Das liest sich auf Dauer unglaublich frustrierend, weil diese Delusion nur durch die Tatsache aufrecht zu erhalten ist, dass all diese knallharten Faktendialoge einfach nicht geführt werden. Denn wenn ein moralisch integerer Charakter wie Peter einem vor allem an Überleben und eigennützigem Selbstbetrug interessierten Charakter wie Lesley das alles mal zu 100% aufs Butterbrot schmieren würde, müsste man zwangläufig zu der Erkenntnis kommen, dass diese beiden Leute nicht mehr befreundet sein können.
Aber das geht ja nicht, weil in Stein gemeißeltes Ende & Because Plot, also reden wir einfach nicht darüber. *argh*
Ich bin bereit anzuerkennen, dass Menschen bereit sind vieles zu übersehen und grundlos optimistisch zu sein, wenn es um ehemalige Freunde geht, aber hier wird das einfach teilweise schmerzhaft. Mein bestes Beispiel dafür ist allerdings tiefes Spoilertum, daher füge ich es unten an, damit man es ignorieren kann.*
Insgesamt muss ich mich also mit 4 von 5 Kokosnüssen zufrieden geben - gutes Pacing, spannende Story, sehr gute Action zum Schluss, aber die"der Charakter, der immer nur schweigend daneben steht, während ihr Verbündeter schreckliche Dinge tut, ist deswegen nicht selber böse" Litanei ging mir auf die Nerven. Actions speak louder than words und so.

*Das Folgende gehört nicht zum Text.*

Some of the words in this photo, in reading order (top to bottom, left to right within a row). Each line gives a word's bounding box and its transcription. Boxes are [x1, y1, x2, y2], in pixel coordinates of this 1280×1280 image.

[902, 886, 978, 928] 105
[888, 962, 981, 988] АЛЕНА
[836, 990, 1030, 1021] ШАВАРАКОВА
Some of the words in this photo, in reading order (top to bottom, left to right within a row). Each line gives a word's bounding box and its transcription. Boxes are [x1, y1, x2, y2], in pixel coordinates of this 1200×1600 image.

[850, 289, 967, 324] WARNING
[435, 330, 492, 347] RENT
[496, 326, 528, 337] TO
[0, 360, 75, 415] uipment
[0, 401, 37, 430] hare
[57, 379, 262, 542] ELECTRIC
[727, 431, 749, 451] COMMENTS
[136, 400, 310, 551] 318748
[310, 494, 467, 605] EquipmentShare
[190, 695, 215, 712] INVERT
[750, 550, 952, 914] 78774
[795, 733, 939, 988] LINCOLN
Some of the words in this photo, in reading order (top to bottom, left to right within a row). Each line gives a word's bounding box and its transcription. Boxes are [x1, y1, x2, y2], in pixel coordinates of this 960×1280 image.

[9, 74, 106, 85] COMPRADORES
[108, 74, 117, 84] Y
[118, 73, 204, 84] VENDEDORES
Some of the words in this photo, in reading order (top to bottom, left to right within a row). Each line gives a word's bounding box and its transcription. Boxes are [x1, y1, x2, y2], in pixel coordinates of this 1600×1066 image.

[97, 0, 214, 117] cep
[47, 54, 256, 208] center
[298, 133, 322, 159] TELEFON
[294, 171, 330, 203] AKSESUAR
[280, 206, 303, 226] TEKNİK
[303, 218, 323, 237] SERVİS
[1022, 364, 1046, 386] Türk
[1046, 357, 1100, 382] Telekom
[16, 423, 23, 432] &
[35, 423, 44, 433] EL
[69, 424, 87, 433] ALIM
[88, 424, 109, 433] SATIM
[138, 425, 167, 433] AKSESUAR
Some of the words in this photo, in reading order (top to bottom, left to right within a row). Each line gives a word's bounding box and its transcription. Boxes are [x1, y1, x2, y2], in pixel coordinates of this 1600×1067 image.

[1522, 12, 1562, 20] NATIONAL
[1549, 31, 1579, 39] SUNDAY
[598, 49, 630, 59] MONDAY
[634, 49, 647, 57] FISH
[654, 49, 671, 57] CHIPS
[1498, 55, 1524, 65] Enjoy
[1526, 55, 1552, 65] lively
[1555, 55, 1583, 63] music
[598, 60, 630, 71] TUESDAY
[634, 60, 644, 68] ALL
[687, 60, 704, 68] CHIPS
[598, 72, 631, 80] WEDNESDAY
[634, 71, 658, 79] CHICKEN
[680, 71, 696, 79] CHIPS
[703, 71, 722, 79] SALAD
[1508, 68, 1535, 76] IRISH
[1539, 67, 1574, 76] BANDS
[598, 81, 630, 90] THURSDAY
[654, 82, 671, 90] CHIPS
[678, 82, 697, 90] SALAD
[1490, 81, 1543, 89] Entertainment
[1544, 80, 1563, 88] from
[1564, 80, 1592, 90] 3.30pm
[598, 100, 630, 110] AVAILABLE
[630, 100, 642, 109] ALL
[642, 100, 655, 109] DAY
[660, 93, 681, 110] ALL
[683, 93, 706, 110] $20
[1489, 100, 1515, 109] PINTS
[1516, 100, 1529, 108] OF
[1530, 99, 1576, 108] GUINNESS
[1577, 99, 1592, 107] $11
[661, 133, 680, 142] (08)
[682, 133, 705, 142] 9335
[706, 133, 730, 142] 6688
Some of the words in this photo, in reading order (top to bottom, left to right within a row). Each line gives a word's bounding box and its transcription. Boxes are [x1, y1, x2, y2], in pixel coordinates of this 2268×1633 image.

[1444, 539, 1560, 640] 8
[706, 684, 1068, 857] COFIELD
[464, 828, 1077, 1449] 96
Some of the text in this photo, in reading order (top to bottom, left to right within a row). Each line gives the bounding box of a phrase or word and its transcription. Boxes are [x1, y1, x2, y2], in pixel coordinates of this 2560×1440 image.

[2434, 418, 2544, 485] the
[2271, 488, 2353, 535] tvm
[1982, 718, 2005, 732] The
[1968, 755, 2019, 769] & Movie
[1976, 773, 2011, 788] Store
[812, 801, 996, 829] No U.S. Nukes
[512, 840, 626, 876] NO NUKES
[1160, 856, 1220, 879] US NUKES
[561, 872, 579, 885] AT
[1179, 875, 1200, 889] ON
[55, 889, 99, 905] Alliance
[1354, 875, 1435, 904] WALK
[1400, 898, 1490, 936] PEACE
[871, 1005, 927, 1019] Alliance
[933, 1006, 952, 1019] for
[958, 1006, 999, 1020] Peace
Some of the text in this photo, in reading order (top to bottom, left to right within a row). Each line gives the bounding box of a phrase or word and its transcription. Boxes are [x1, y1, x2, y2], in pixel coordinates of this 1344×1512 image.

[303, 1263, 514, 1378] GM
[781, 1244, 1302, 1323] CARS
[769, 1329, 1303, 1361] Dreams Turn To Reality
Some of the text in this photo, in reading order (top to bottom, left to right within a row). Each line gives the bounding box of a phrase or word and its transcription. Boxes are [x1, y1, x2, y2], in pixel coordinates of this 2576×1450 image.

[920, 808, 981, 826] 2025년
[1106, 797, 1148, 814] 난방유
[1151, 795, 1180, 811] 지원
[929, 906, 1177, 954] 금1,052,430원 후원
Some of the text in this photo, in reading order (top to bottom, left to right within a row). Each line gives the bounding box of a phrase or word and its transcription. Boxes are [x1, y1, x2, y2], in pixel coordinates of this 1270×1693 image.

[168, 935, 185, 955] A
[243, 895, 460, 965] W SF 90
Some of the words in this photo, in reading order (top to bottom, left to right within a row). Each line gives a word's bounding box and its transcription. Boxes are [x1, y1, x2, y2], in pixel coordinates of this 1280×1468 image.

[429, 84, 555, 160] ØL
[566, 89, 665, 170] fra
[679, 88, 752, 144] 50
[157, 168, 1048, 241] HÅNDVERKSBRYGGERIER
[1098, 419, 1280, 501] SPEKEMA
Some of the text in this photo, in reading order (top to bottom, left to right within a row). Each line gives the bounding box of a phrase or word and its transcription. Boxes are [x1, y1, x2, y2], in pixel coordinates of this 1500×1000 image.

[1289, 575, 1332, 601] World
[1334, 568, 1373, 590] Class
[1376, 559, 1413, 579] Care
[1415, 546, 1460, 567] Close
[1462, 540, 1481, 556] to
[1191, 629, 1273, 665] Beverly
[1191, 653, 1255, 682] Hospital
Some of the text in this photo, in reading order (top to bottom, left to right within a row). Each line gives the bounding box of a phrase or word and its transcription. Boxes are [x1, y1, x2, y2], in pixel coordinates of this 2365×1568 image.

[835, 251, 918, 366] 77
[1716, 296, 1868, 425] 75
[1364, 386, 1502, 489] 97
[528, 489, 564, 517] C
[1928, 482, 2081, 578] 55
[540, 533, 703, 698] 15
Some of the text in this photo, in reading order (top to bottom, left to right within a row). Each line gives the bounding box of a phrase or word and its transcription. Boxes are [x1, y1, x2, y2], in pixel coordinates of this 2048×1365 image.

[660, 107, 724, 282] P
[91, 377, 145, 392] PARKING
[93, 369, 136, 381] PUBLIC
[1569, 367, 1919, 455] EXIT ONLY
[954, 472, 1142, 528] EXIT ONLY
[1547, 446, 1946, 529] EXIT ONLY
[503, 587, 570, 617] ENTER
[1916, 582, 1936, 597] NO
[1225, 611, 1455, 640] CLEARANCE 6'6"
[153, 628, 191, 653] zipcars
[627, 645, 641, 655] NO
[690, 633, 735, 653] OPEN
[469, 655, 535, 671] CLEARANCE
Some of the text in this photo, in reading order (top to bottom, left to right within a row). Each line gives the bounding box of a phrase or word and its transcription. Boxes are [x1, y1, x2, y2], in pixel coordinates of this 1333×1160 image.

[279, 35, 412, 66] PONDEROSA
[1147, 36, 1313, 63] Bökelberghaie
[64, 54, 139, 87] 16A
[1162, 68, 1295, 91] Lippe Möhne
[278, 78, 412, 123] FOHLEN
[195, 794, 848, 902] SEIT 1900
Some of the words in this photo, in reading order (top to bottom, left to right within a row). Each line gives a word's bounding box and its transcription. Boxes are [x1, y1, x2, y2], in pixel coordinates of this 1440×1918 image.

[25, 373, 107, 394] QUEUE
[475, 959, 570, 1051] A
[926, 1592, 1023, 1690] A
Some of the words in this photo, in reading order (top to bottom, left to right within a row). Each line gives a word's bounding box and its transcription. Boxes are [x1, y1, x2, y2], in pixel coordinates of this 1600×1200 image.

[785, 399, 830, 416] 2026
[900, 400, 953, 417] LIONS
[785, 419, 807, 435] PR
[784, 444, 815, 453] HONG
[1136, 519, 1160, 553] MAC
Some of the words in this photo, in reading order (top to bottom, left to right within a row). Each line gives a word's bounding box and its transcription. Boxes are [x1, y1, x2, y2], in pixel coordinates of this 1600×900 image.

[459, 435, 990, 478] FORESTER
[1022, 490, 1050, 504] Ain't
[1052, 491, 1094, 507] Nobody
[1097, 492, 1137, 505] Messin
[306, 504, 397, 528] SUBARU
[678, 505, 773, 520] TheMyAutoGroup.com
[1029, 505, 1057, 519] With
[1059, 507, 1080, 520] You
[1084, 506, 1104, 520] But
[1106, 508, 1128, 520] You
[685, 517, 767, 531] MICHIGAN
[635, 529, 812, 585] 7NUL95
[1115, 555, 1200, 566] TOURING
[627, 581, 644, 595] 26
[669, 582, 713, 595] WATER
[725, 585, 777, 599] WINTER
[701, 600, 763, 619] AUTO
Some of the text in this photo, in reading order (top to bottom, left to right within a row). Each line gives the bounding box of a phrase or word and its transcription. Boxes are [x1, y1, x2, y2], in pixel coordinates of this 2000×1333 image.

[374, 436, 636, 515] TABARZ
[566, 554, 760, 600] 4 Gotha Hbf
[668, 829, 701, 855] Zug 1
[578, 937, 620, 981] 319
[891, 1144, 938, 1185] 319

*Hier mein Spoiler Take und ja ich habe mich ein wenig aufgeregt über diese Stelle, also nehme ich ein wenig zurück was ich eingangs sagte...;-)
Es begibt sich im Laufe des Plots, dass Lesley & Bösewicht Peter kidnappen, damit er endlich aufhört ihre Pläne zu stören (solider Plan, kein Problem damit). Als Bewacher bekommt er eine von Mollies Fairy-Schwestern, mit der er sich vorsichtig anfreundet.
Irgendwann erzählt sie ihm, dass sie quasi eine Sklavin ist und deswegen nicht anders kann, als Bösewicht zu gehorchen.
Und Peter geht dann hin und konfrontiert Lesley damit, dass Sklaverei nicht wirklich cool ist. Da war ich dann mal wirklich, wirklich erfreut, denn endlich reden wir mal Tascheles!
Ja Pustekuchen, denn dieses Gespräch läuft so:
Er: Hey, wusstest du, dass Sklaverei illegal ist? Auch nicht richtig cool und so...?
Sie: Wie Sklaverei, wer ist versklavt?
Er: Meine Bewacherin fühlt sich wie eine Sklavin, hat sie mir selber erzählt.
Sie: Quatsch, das bildet die sich nur ein.
Er: Sicher?
Sie: Selbst wenn, wie ist das anders als Mollie?
Er: Ja ok, ist ein Punkt.
Und ich so: WAS?! WO IST DAS EIN PUNKT??!
Das ist das Paradebeispiel für Dialoge, die unheimlich frustrierend sind, denn es ist einfach nicht vorstellbar, dass gerade ein Charakter wie Peter der Aussage zustimmen könnte, dass ein keinen Unterschied macht, ob jemand ein Hausmädchen ist, oder sich als Sklavin fühlt.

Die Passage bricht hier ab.